5.6L’auteur réfute l’argument de l’État partie selon lequel la présente communication ne comporte pas des « circonstances exceptionnelles » susceptibles de déclencher l’application extraterritoriale de la Convention. Elle répète qu’elle a été violée par un groupe d’hommes dont elle pense qu’ils étaient des membres de l’« Imberakure » − une milice de jeunes appuyée par le parti au pouvoir −, et qu’elle craint de subir de nouveau le même sort si elle est renvoyée dans son pays d’origine. Elle craint d’être emprisonnée et violée par les gardiens de la prison. Elle craint aussi de ne pas être en mesure de signaler de tels faits à la police à cause de l’impunité généralisée dont jouissent les auteurs de viol au Burundi.

5.7L’auteur considère que le fait que le Comité a décidé de demander des mesures conservatoires semble indiquer le caractère exceptionnel de la présente communication. Elle ajoute que sa crainte d’être violée si elle retourne dans son pays concerne le fond de l’affaire et non sa recevabilité.

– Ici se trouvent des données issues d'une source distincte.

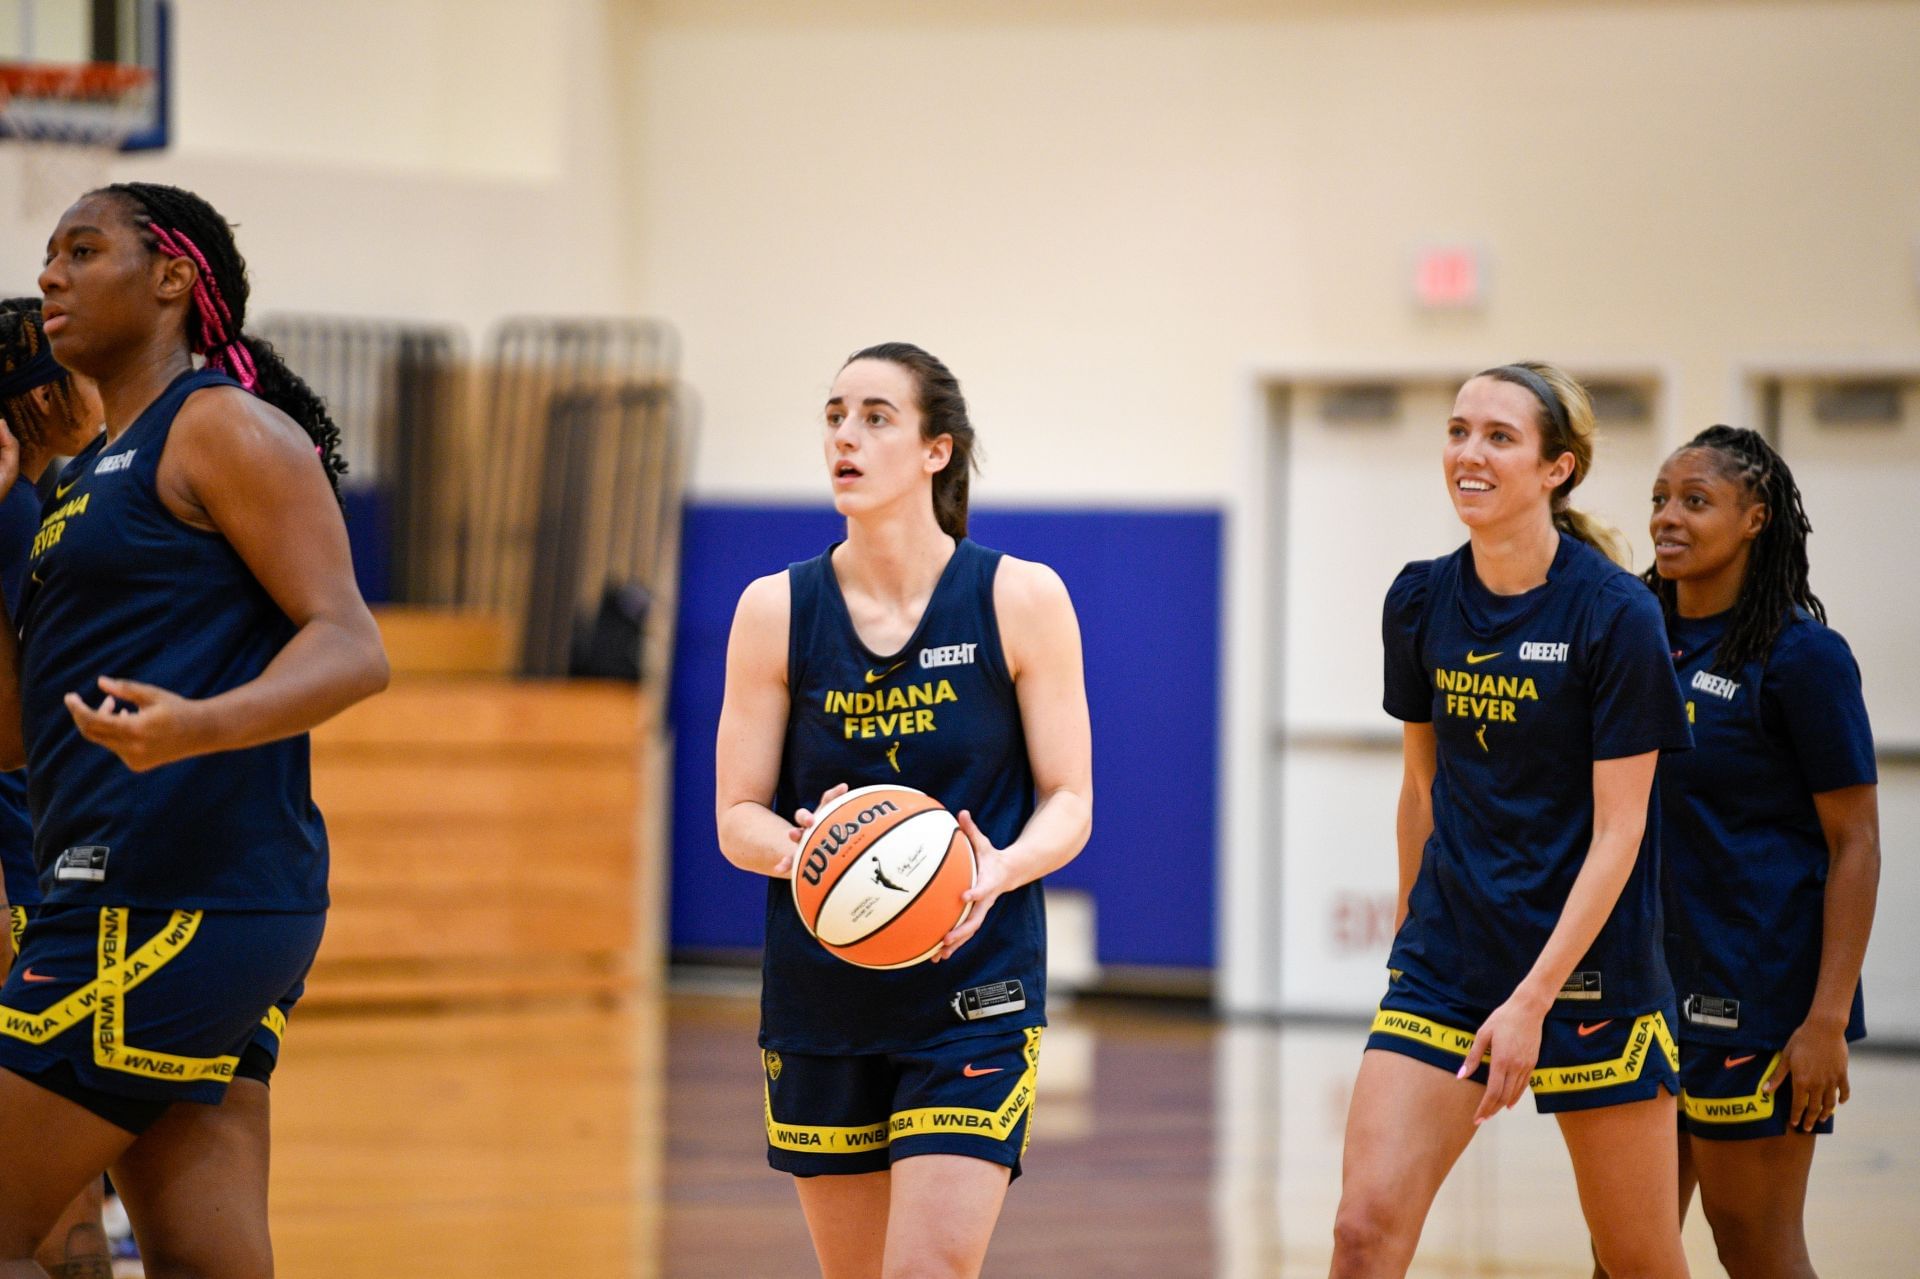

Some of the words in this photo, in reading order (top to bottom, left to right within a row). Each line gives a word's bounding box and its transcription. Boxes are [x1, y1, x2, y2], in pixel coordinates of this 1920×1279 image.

[824, 679, 958, 714] INDIANA
[1436, 668, 1539, 700] INDIANA
[1447, 694, 1517, 722] FEVER
[844, 709, 937, 739] FEVER
[801, 800, 899, 887] Wilson
[103, 907, 119, 969] WNBA
[165, 909, 194, 946] WN
[1384, 1017, 1433, 1038] WNBA
[124, 1055, 185, 1076] WNBA
[1560, 1067, 1617, 1084] WNBA
[933, 1114, 993, 1129] WNBA
[998, 1086, 1030, 1128] WNBA
[1705, 1101, 1757, 1116] WNBA
[777, 1130, 822, 1146] WNBA
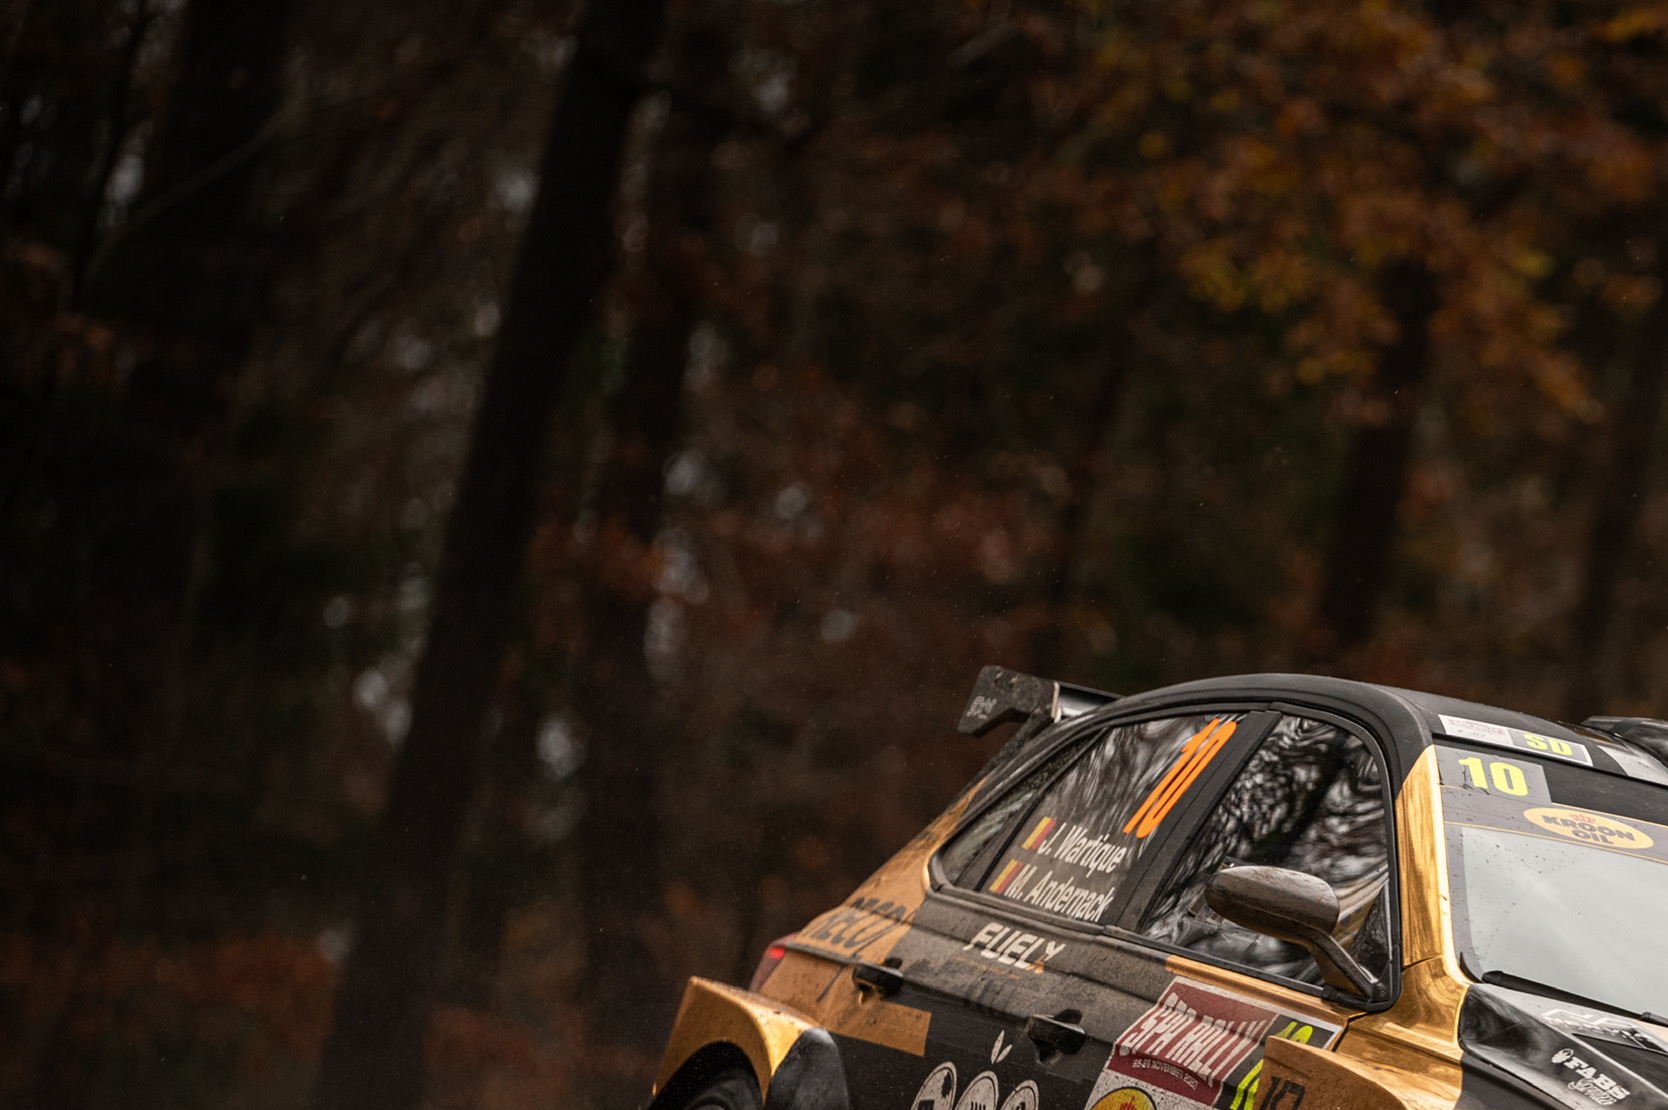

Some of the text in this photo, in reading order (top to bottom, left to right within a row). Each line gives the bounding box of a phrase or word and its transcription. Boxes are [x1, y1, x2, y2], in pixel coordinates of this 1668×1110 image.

[1123, 718, 1236, 838] 10
[1458, 756, 1528, 796] 10
[1541, 814, 1636, 841] KROON
[1571, 829, 1614, 845] OIL
[1037, 822, 1127, 878] J. Wartique
[1003, 863, 1115, 922] M. Andernack
[1119, 992, 1267, 1088] SPA RALLY
[1151, 1060, 1184, 1080] NOVEMBER
[1563, 1056, 1631, 1100] FABS

5.8L’auteur réfute l’argument de l’État partie selon lequel elle n’a pas épuisé les recours internes. Elle fait valoir que la question de la violence liée au sexe a été soulevée devant le Service de l’immigration et devant le Conseil de recours des réfugiés. Elle a expliqué aux membres du Conseil que sa commune d’origine, Ruziba, avait été la cible d’attaques et que les membres du FNL avaient fui ou avaient été tués. Elle a également expliqué au Conseil qu’elle avait été violée par trois hommes dont elle pensait qu’ils appartenaient à la milice du parti au pouvoir, mais qu’elle n’en avait pas la preuve. Par conséquent, pour l’auteur, la communication doit être déclarée recevable au titre du paragraphe 1 de l’article 4 du Protocole facultatif.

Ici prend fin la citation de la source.